## TASK REQUIREMENTS
Each entry must be duplicated precisely, with nothing left out.

(Spatial localization data)

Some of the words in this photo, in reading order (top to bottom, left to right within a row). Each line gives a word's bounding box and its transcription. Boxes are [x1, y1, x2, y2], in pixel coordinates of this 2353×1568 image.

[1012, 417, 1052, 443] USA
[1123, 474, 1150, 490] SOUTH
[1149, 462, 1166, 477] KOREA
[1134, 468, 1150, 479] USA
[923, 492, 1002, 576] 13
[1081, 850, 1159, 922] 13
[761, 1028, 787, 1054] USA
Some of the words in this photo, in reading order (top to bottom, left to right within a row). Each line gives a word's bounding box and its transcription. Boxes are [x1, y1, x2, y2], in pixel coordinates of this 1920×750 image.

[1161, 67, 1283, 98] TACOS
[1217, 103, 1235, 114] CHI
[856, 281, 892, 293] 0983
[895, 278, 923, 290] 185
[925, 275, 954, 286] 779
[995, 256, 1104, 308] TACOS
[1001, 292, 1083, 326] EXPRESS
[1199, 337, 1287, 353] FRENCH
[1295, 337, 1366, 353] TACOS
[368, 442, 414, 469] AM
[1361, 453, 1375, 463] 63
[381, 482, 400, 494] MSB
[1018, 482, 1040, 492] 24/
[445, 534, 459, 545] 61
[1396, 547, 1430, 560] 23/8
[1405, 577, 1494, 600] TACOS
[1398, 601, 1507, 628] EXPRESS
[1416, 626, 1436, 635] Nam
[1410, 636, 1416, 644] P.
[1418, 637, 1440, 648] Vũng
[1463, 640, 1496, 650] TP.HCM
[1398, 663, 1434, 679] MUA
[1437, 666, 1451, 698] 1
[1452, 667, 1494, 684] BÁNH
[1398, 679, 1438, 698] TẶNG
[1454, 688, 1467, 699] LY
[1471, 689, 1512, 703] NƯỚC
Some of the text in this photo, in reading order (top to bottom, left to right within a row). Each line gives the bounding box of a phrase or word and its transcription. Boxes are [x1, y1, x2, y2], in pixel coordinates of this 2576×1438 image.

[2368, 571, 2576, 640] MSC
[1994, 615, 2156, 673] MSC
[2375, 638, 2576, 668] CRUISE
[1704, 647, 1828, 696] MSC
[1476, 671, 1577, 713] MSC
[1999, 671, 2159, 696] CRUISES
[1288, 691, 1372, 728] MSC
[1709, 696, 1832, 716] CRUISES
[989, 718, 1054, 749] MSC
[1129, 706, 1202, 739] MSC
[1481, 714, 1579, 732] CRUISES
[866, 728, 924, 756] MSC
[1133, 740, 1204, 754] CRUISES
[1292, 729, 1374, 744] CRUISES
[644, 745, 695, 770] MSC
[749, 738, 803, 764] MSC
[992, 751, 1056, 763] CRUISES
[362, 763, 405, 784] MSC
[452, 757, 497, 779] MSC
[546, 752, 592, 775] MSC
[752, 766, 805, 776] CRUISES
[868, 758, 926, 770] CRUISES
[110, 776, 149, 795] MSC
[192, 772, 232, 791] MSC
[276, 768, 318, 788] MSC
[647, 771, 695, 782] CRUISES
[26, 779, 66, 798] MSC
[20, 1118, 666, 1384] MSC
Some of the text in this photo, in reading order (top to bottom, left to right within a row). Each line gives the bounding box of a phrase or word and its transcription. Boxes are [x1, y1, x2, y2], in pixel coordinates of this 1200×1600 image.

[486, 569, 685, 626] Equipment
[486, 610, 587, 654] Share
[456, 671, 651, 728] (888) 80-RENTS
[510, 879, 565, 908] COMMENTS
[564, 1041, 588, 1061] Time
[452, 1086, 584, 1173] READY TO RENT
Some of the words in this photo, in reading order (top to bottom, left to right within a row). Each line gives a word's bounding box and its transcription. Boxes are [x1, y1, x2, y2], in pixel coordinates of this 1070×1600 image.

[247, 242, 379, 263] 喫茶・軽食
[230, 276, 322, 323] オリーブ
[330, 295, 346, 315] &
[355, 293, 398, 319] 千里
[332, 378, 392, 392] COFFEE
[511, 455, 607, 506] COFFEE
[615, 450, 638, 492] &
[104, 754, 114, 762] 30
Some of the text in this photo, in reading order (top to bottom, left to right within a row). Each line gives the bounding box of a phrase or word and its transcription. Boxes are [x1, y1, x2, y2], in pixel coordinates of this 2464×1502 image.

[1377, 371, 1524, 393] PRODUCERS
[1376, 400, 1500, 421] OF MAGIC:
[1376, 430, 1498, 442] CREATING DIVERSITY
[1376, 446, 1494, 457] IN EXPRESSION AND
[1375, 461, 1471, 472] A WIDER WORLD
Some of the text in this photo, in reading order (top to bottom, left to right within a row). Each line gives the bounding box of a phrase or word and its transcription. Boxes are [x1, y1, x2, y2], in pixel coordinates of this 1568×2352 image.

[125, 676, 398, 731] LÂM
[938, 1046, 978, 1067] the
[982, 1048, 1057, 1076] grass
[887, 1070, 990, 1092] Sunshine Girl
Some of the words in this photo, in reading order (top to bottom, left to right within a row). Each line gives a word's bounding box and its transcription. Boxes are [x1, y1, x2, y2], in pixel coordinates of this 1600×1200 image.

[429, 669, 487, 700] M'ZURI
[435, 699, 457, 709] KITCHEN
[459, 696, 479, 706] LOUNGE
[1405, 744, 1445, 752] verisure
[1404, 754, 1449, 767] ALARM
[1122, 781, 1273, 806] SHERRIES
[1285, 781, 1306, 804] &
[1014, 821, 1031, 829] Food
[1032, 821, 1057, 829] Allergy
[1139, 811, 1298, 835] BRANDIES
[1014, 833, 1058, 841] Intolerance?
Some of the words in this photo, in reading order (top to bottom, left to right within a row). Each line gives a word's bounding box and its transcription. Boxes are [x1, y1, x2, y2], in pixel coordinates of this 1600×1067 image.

## YOUR RESPONSE
Some of the words in this photo, in reading order (top to bottom, left to right within a row). Each line gives a word's bounding box and its transcription. Boxes are [x1, y1, x2, y2], in pixel coordinates of this 2353×1568 image.

[1012, 417, 1052, 443] USA
[1123, 474, 1150, 490] SOUTH
[1149, 462, 1166, 477] KOREA
[1134, 468, 1150, 479] USA
[923, 492, 1002, 576] 13
[1081, 850, 1159, 922] 13
[761, 1028, 787, 1054] USA
Some of the words in this photo, in reading order (top to bottom, left to right within a row). Each line gives a word's bounding box and its transcription. Boxes are [x1, y1, x2, y2], in pixel coordinates of this 1920×750 image.

[1161, 67, 1283, 98] TACOS
[1217, 103, 1235, 114] CHI
[856, 281, 892, 293] 0983
[895, 278, 923, 290] 185
[925, 275, 954, 286] 779
[995, 256, 1104, 308] TACOS
[1001, 292, 1083, 326] EXPRESS
[1199, 337, 1287, 353] FRENCH
[1295, 337, 1366, 353] TACOS
[368, 442, 414, 469] AM
[1361, 453, 1375, 463] 63
[381, 482, 400, 494] MSB
[1018, 482, 1040, 492] 24/
[445, 534, 459, 545] 61
[1396, 547, 1430, 560] 23/8
[1405, 577, 1494, 600] TACOS
[1398, 601, 1507, 628] EXPRESS
[1416, 626, 1436, 635] Nam
[1410, 636, 1416, 644] P.
[1418, 637, 1440, 648] Vũng
[1463, 640, 1496, 650] TP.HCM
[1398, 663, 1434, 679] MUA
[1437, 666, 1451, 698] 1
[1452, 667, 1494, 684] BÁNH
[1398, 679, 1438, 698] TẶNG
[1454, 688, 1467, 699] LY
[1471, 689, 1512, 703] NƯỚC
Some of the text in this photo, in reading order (top to bottom, left to right within a row). Each line gives the bounding box of a phrase or word and its transcription. Boxes are [x1, y1, x2, y2], in pixel coordinates of this 2576×1438 image.

[2368, 571, 2576, 640] MSC
[1994, 615, 2156, 673] MSC
[2375, 638, 2576, 668] CRUISE
[1704, 647, 1828, 696] MSC
[1476, 671, 1577, 713] MSC
[1999, 671, 2159, 696] CRUISES
[1288, 691, 1372, 728] MSC
[1709, 696, 1832, 716] CRUISES
[989, 718, 1054, 749] MSC
[1129, 706, 1202, 739] MSC
[1481, 714, 1579, 732] CRUISES
[866, 728, 924, 756] MSC
[1133, 740, 1204, 754] CRUISES
[1292, 729, 1374, 744] CRUISES
[644, 745, 695, 770] MSC
[749, 738, 803, 764] MSC
[992, 751, 1056, 763] CRUISES
[362, 763, 405, 784] MSC
[452, 757, 497, 779] MSC
[546, 752, 592, 775] MSC
[752, 766, 805, 776] CRUISES
[868, 758, 926, 770] CRUISES
[110, 776, 149, 795] MSC
[192, 772, 232, 791] MSC
[276, 768, 318, 788] MSC
[647, 771, 695, 782] CRUISES
[26, 779, 66, 798] MSC
[20, 1118, 666, 1384] MSC
Some of the text in this photo, in reading order (top to bottom, left to right within a row). Each line gives the bounding box of a phrase or word and its transcription. Boxes are [x1, y1, x2, y2], in pixel coordinates of this 1200×1600 image.

[486, 569, 685, 626] Equipment
[486, 610, 587, 654] Share
[456, 671, 651, 728] (888) 80-RENTS
[510, 879, 565, 908] COMMENTS
[564, 1041, 588, 1061] Time
[452, 1086, 584, 1173] READY TO RENT
Some of the words in this photo, in reading order (top to bottom, left to right within a row). Each line gives a word's bounding box and its transcription. Boxes are [x1, y1, x2, y2], in pixel coordinates of this 1070×1600 image.

[247, 242, 379, 263] 喫茶・軽食
[230, 276, 322, 323] オリーブ
[330, 295, 346, 315] &
[355, 293, 398, 319] 千里
[332, 378, 392, 392] COFFEE
[511, 455, 607, 506] COFFEE
[615, 450, 638, 492] &
[104, 754, 114, 762] 30
Some of the text in this photo, in reading order (top to bottom, left to right within a row). Each line gives the bounding box of a phrase or word and its transcription. Boxes are [x1, y1, x2, y2], in pixel coordinates of this 2464×1502 image.

[1377, 371, 1524, 393] PRODUCERS
[1376, 400, 1500, 421] OF MAGIC:
[1376, 430, 1498, 442] CREATING DIVERSITY
[1376, 446, 1494, 457] IN EXPRESSION AND
[1375, 461, 1471, 472] A WIDER WORLD
Some of the text in this photo, in reading order (top to bottom, left to right within a row). Each line gives the bounding box of a phrase or word and its transcription. Boxes are [x1, y1, x2, y2], in pixel coordinates of this 1568×2352 image.

[125, 676, 398, 731] LÂM
[938, 1046, 978, 1067] the
[982, 1048, 1057, 1076] grass
[887, 1070, 990, 1092] Sunshine Girl
Some of the words in this photo, in reading order (top to bottom, left to right within a row). Each line gives a word's bounding box and its transcription. Boxes are [x1, y1, x2, y2], in pixel coordinates of this 1600×1200 image.

[429, 669, 487, 700] M'ZURI
[435, 699, 457, 709] KITCHEN
[459, 696, 479, 706] LOUNGE
[1405, 744, 1445, 752] verisure
[1404, 754, 1449, 767] ALARM
[1122, 781, 1273, 806] SHERRIES
[1285, 781, 1306, 804] &
[1014, 821, 1031, 829] Food
[1032, 821, 1057, 829] Allergy
[1139, 811, 1298, 835] BRANDIES
[1014, 833, 1058, 841] Intolerance?
Some of the words in this photo, in reading order (top to bottom, left to right within a row). Each line gives a word's bounding box and its transcription. Boxes are [x1, y1, x2, y2], in pixel coordinates of this 1600×1067 image.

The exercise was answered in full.